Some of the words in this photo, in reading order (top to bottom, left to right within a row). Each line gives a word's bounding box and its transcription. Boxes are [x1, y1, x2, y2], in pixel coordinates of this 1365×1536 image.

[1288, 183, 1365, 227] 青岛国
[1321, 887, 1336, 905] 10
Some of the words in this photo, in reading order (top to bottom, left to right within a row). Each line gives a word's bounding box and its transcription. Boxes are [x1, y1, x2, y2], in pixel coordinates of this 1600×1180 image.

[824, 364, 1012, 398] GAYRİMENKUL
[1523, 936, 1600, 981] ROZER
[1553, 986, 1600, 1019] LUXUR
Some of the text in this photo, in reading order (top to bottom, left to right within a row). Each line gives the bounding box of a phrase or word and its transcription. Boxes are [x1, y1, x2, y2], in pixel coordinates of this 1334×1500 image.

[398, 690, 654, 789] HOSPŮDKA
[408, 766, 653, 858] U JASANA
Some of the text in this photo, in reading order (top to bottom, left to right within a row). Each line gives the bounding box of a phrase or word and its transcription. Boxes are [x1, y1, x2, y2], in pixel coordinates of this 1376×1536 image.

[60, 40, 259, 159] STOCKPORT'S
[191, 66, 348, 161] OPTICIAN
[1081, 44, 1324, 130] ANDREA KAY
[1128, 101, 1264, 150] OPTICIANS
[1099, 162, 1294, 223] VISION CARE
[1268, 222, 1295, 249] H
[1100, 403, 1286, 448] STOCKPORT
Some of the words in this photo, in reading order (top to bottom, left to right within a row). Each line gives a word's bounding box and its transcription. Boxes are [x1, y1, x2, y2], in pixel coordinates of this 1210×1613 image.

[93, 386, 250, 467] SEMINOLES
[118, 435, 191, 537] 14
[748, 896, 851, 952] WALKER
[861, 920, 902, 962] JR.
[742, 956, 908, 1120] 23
====
TASK TO CARRY OUT
Restate the data in full so that no line differs from the original.

TASK RESPONSE
Some of the words in this photo, in reading order (top to bottom, left to right within a row). Each line gives a word's bounding box and its transcription. Boxes are [x1, y1, x2, y2], in pixel coordinates of this 1365×1536 image.

[1288, 183, 1365, 227] 青岛国
[1321, 887, 1336, 905] 10
Some of the words in this photo, in reading order (top to bottom, left to right within a row). Each line gives a word's bounding box and its transcription. Boxes are [x1, y1, x2, y2], in pixel coordinates of this 1600×1180 image.

[824, 364, 1012, 398] GAYRİMENKUL
[1523, 936, 1600, 981] ROZER
[1553, 986, 1600, 1019] LUXUR
Some of the text in this photo, in reading order (top to bottom, left to right within a row). Each line gives the bounding box of a phrase or word and its transcription. Boxes are [x1, y1, x2, y2], in pixel coordinates of this 1334×1500 image.

[398, 690, 654, 789] HOSPŮDKA
[408, 766, 653, 858] U JASANA
Some of the text in this photo, in reading order (top to bottom, left to right within a row). Each line gives the bounding box of a phrase or word and its transcription. Boxes are [x1, y1, x2, y2], in pixel coordinates of this 1376×1536 image.

[60, 40, 259, 159] STOCKPORT'S
[191, 66, 348, 161] OPTICIAN
[1081, 44, 1324, 130] ANDREA KAY
[1128, 101, 1264, 150] OPTICIANS
[1099, 162, 1294, 223] VISION CARE
[1268, 222, 1295, 249] H
[1100, 403, 1286, 448] STOCKPORT
Some of the words in this photo, in reading order (top to bottom, left to right within a row). Each line gives a word's bounding box and its transcription. Boxes are [x1, y1, x2, y2], in pixel coordinates of this 1210×1613 image.

[93, 386, 250, 467] SEMINOLES
[118, 435, 191, 537] 14
[748, 896, 851, 952] WALKER
[861, 920, 902, 962] JR.
[742, 956, 908, 1120] 23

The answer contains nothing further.